Development and validation of KASP markers for candidate intervals
To further utilize the related QTL and associated markers, we tried to convert them into friendly KASP marker. Firstly, nine of these intervals were selected out according to the following three criterions (Table 6): (1) QTL detected in multi-environments; (2) Type A associated intervals; (3) repeatedly regions between QTL mapping and association mapping. Secondly, the loci with low homology in these intervals were chosen for marker development (Supplemental Table S2). At last, KASP genotyping was performed in the materials from RIL population and natural population to test the developed markers.
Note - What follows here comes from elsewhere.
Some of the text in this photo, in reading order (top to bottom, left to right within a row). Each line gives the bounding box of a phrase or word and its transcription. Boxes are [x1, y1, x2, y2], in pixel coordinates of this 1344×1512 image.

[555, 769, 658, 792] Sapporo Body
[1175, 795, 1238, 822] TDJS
Association mapping was performed in a large breeding population (1163 F4 lines) with the nine successfully developed KASP markers based on GLM (Fig. 4). Then, we compared the GPC of the lines with 1~9 GPC-increased alleles and GPC-decreased alleles, and the selected order of the markers was according to the P values from lowest to highest (Fig. 5). It was found that the difference between the lines with GPC-increased alleles and GPC-decreased alleles increased as the number of markers increased, and remained relatively stable as the three markers with lowest P values were used in selection. Therefore, the three markers of Kgpc-2B, Kgpc-2D, and Kgpc-4A with low P values (<10−10) were applicable for GPC selection, and their combination presented more effective.
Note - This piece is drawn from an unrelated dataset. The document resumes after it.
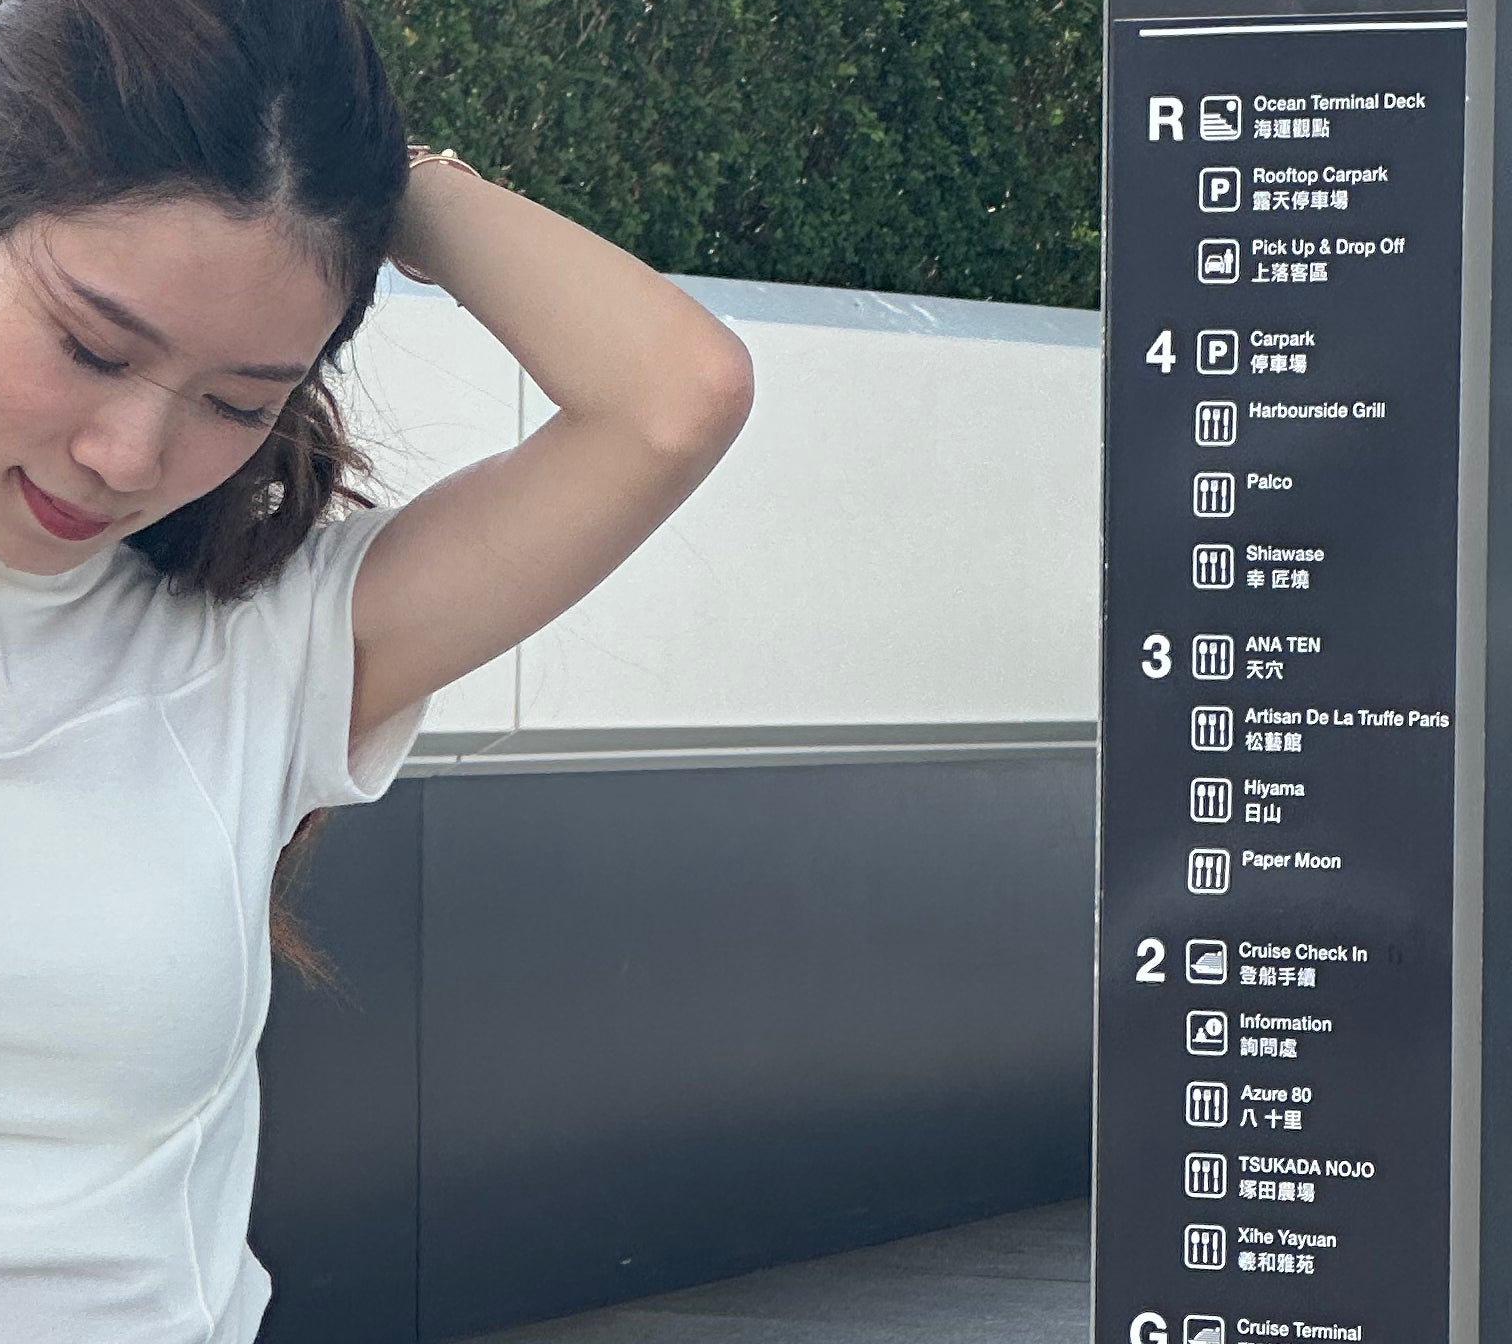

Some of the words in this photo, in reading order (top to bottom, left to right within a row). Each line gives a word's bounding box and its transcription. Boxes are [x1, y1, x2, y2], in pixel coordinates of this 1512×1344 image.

Application of significant KASP markers
Further, we used the three markers to test 164 F6 lines, and 15 lines with GPC-increased alleles showed an average GPC of 14.85%, which was significantly higher than 13.15% for eight lines with GPC-decreased alleles (Fig. 6 and Supplemental Table S4), thus indicating a good selection effect.
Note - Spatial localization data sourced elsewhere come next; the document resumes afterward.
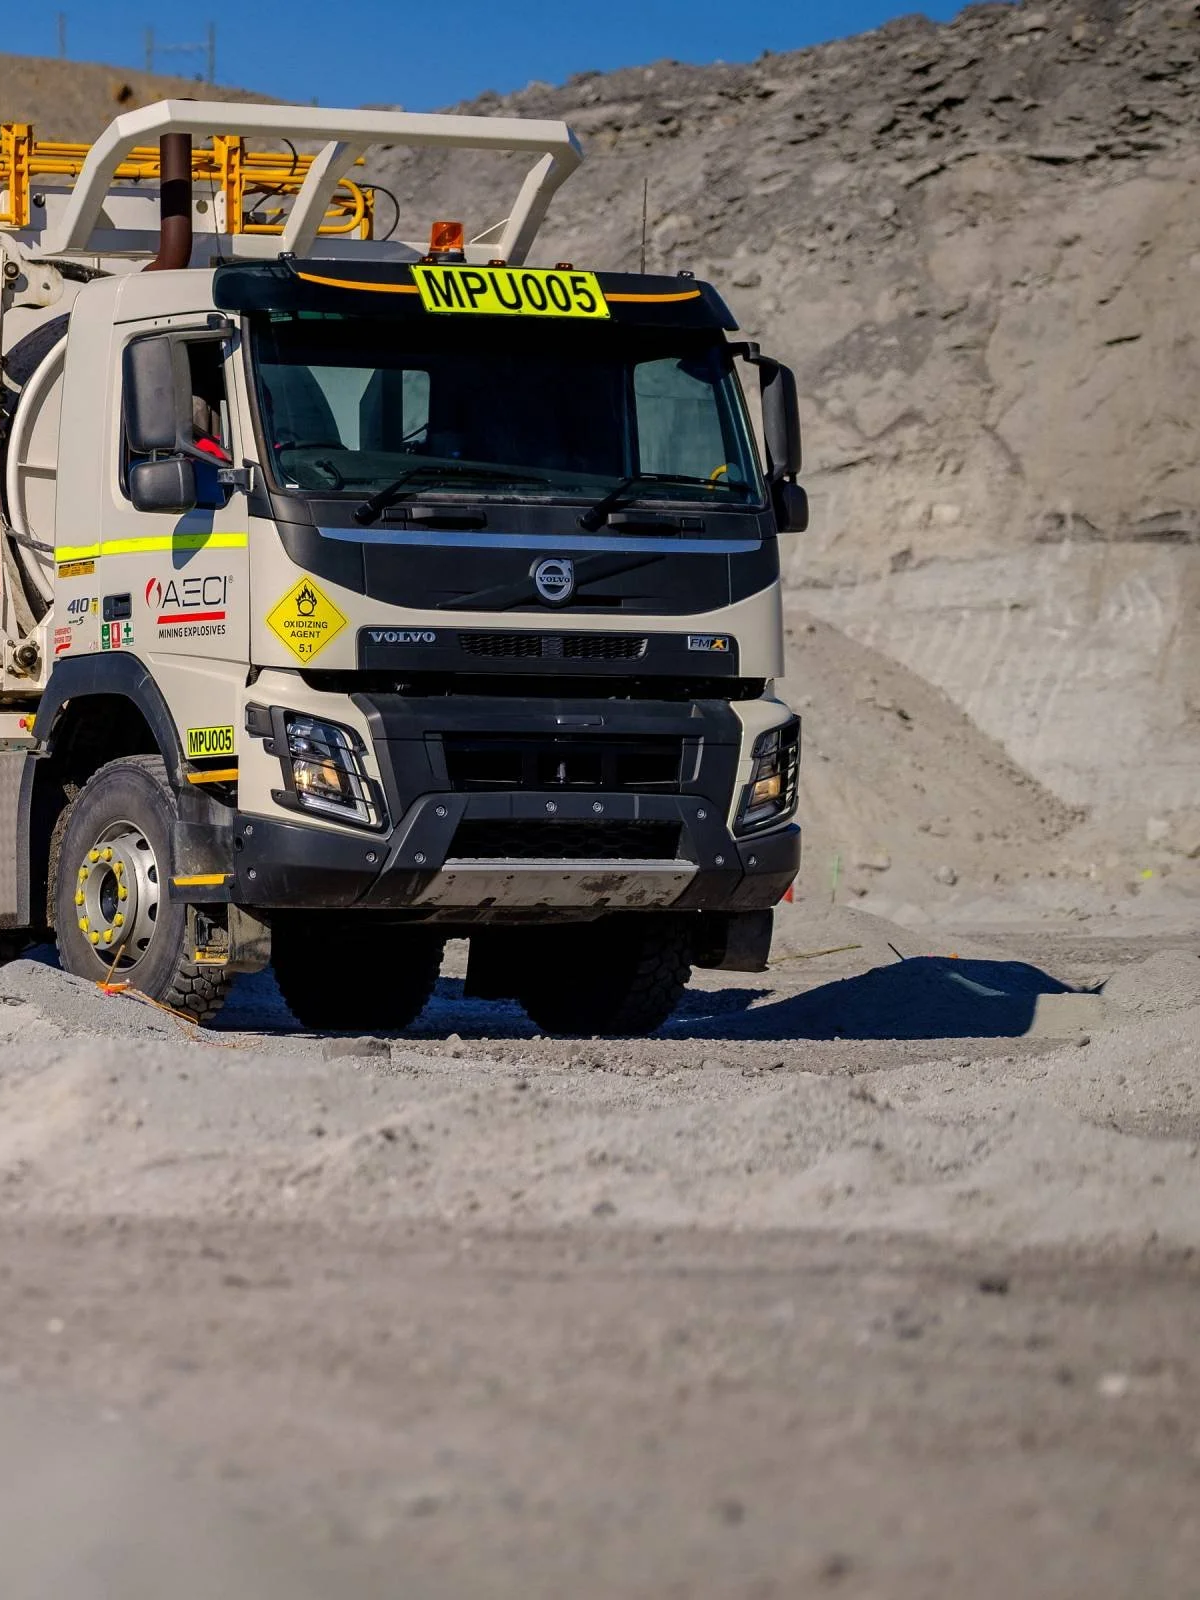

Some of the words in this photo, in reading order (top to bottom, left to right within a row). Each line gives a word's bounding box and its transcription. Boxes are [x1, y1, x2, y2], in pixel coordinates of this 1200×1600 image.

[422, 270, 597, 313] MPU005
[539, 576, 571, 584] VOLVO
[161, 575, 228, 609] AECI
[67, 597, 89, 615] 410
[283, 620, 328, 629] OXIDIZING
[158, 627, 183, 639] MINING
[184, 624, 226, 638] EXPLOSIVES
[290, 630, 321, 639] AGENT
[368, 631, 437, 643] VOLVO
[299, 643, 313, 653] 5.1
[690, 637, 727, 650] FMX
[189, 728, 232, 753] MPU005
Exploration of candidate genes in the significant intervals
The published IWGSC reference sequence provided detailed information for the identification of candidate genes, and 607, 42, and 235 high confidence (HC) genes were identified in the intervals of Kgpc-2B, Kgpc-2D, and Kgpc-4A, respectively (Supplemental Table S5). We also analyzed the homologous genes of Gpc-B1, and a homologous gene of TraesCS4A01G242700 was found in the interval of Kgpc-4A. Further, TraesCS4A01G242700 of the parents, Ningmai 9 and Yangmai 158, was sequenced (Supplemental Table S6), however, no sequence difference were found. Gene expression data of TraesCS4A01G242700 was extracted from WheatEXP, indicating that TraesCS4A01G242700 was expressed in the grain, leaf, spike, and roots, and it showed the highest expression level in roots (Supplemental Table S7). In addition, 23 of the HC genes in the interval of Kgpc-2D expressed in different tissues at reproductive stage, and 17 expressed in the grain were analyzed (Supplemental Table S8).